Stored items
---
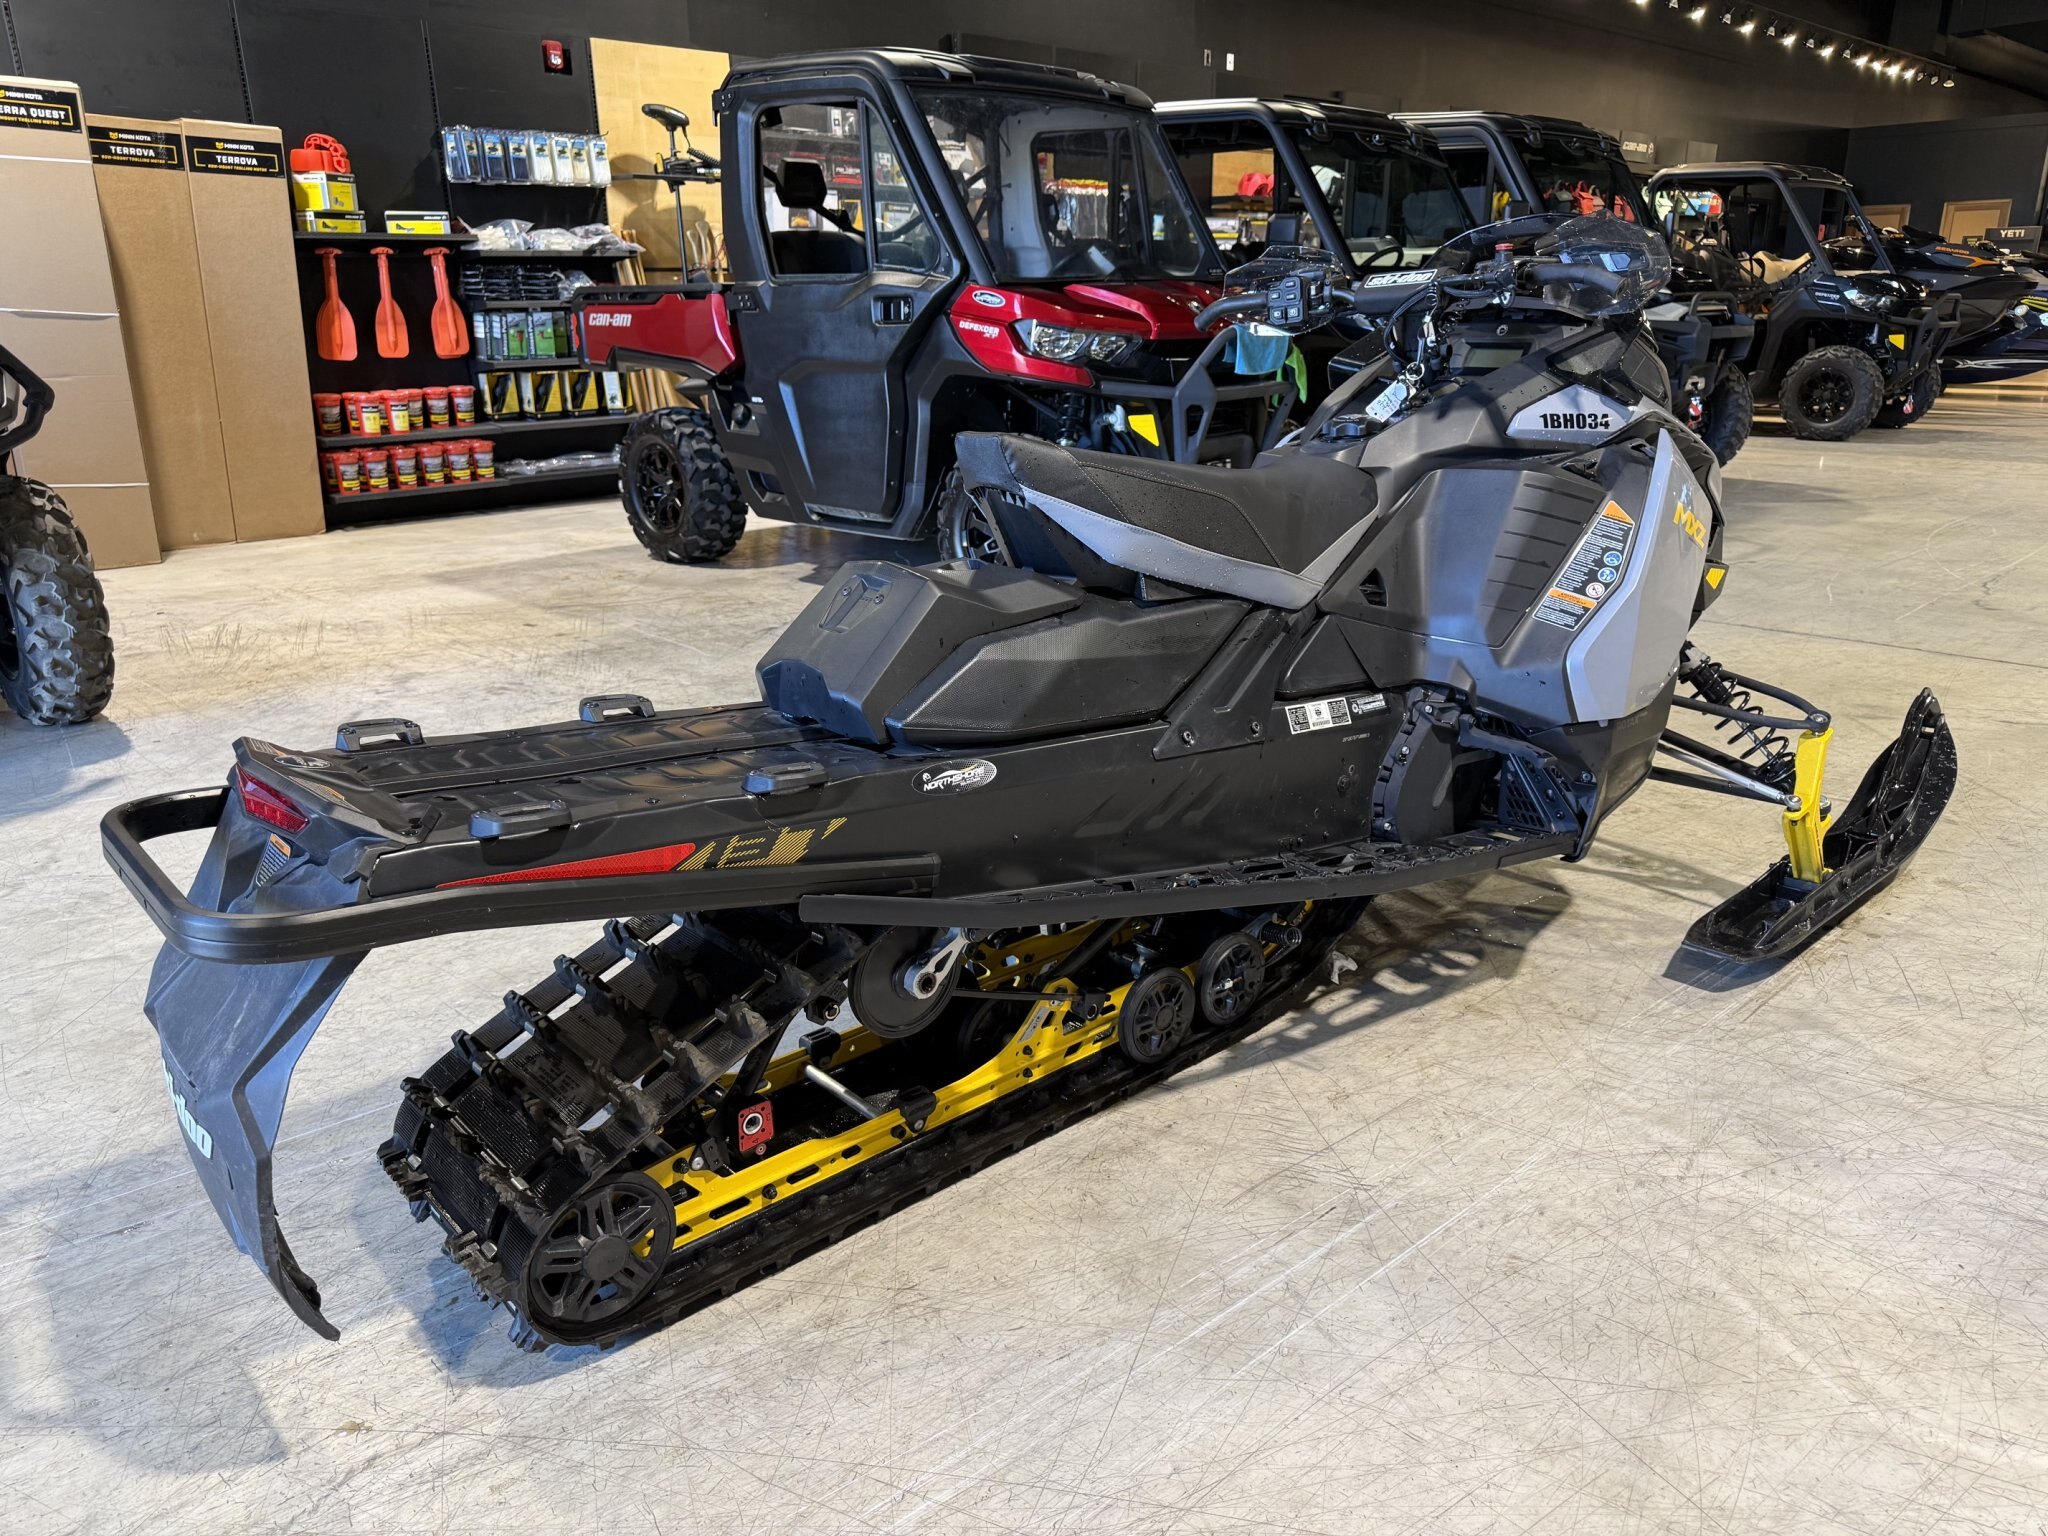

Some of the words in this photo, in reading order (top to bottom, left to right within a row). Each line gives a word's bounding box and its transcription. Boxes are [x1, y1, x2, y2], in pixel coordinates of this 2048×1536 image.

[25, 92, 43, 100] KOTA
[30, 107, 66, 119] QUEST
[109, 145, 156, 157] TERROVA
[215, 155, 258, 166] TERROVA
[2000, 229, 2025, 238] YETI
[1367, 272, 1433, 286] ski-doo
[588, 313, 632, 327] can-am
[959, 320, 999, 335] DEFENDER
[1539, 413, 1611, 430] 1BH034
[923, 765, 985, 792] NORTHSHORE
---
→ PROBLEM TO SOLVE: Please repeat every record exactly, leaving the pictures out.

→ EXERCISE OUTPUT:
Some of the words in this photo, in reading order (top to bottom, left to right within a row). Each line gives a word's bounding box and its transcription. Boxes are [x1, y1, x2, y2], in pixel coordinates of this 2048×1536 image.

[25, 92, 43, 100] KOTA
[30, 107, 66, 119] QUEST
[109, 145, 156, 157] TERROVA
[215, 155, 258, 166] TERROVA
[2000, 229, 2025, 238] YETI
[1367, 272, 1433, 286] ski-doo
[588, 313, 632, 327] can-am
[959, 320, 999, 335] DEFENDER
[1539, 413, 1611, 430] 1BH034
[923, 765, 985, 792] NORTHSHORE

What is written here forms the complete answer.